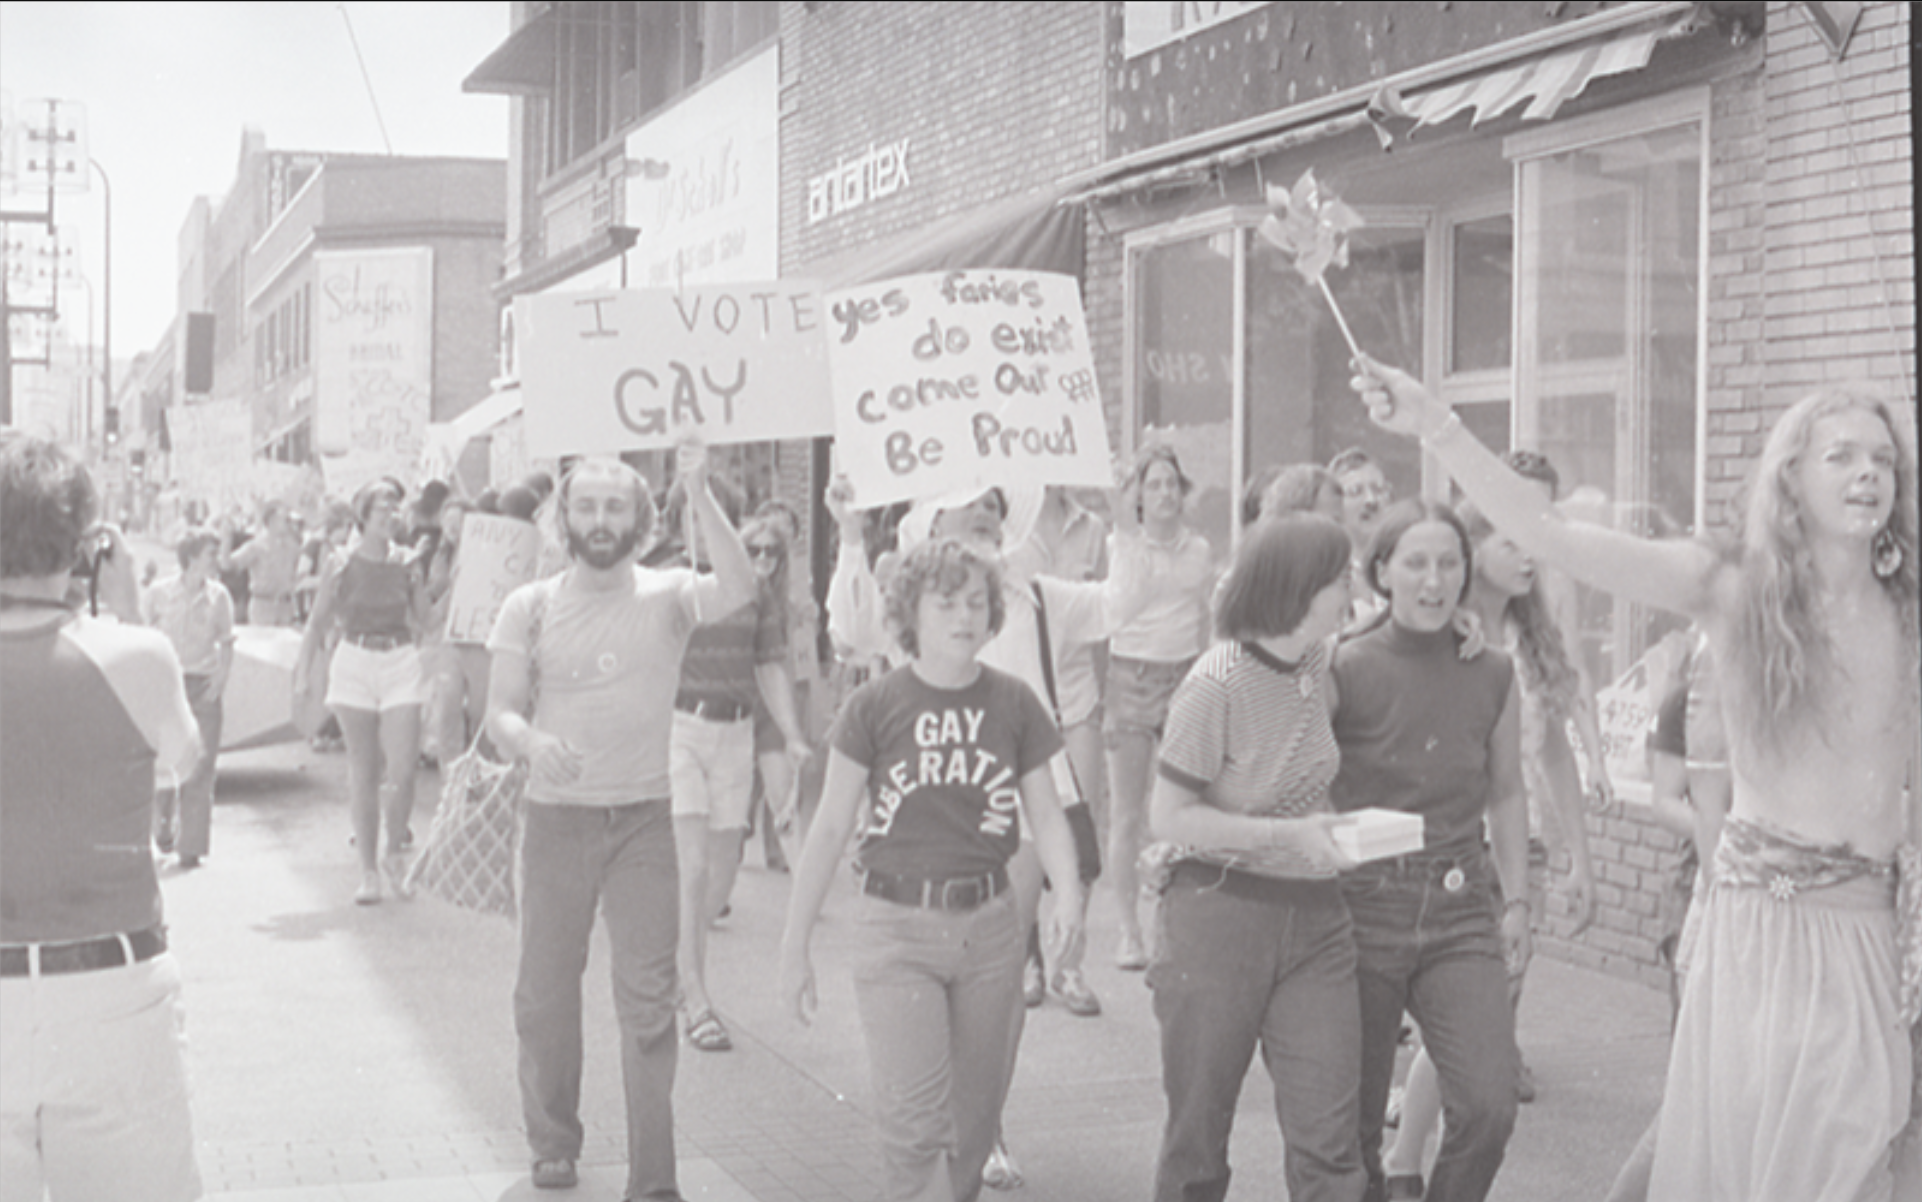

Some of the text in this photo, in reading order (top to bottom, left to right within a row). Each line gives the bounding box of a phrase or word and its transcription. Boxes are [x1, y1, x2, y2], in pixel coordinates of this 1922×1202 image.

[574, 292, 817, 338] I VOTE
[832, 288, 910, 344] yes
[911, 316, 970, 362] do
[612, 356, 747, 435] GAY
[856, 373, 980, 424] come
[884, 411, 1077, 476] Be Proud
[470, 519, 522, 547] ANY
[914, 708, 985, 748] GAY
[866, 749, 1022, 836] LIBERATION

## Exercise goal
A word-for-word copy of the records above is needed, pictures excluded.

## Answer space
Some of the text in this photo, in reading order (top to bottom, left to right within a row). Each line gives the bounding box of a phrase or word and its transcription. Boxes are [x1, y1, x2, y2], in pixel coordinates of this 1922×1202 image.

[574, 292, 817, 338] I VOTE
[832, 288, 910, 344] yes
[911, 316, 970, 362] do
[612, 356, 747, 435] GAY
[856, 373, 980, 424] come
[884, 411, 1077, 476] Be Proud
[470, 519, 522, 547] ANY
[914, 708, 985, 748] GAY
[866, 749, 1022, 836] LIBERATION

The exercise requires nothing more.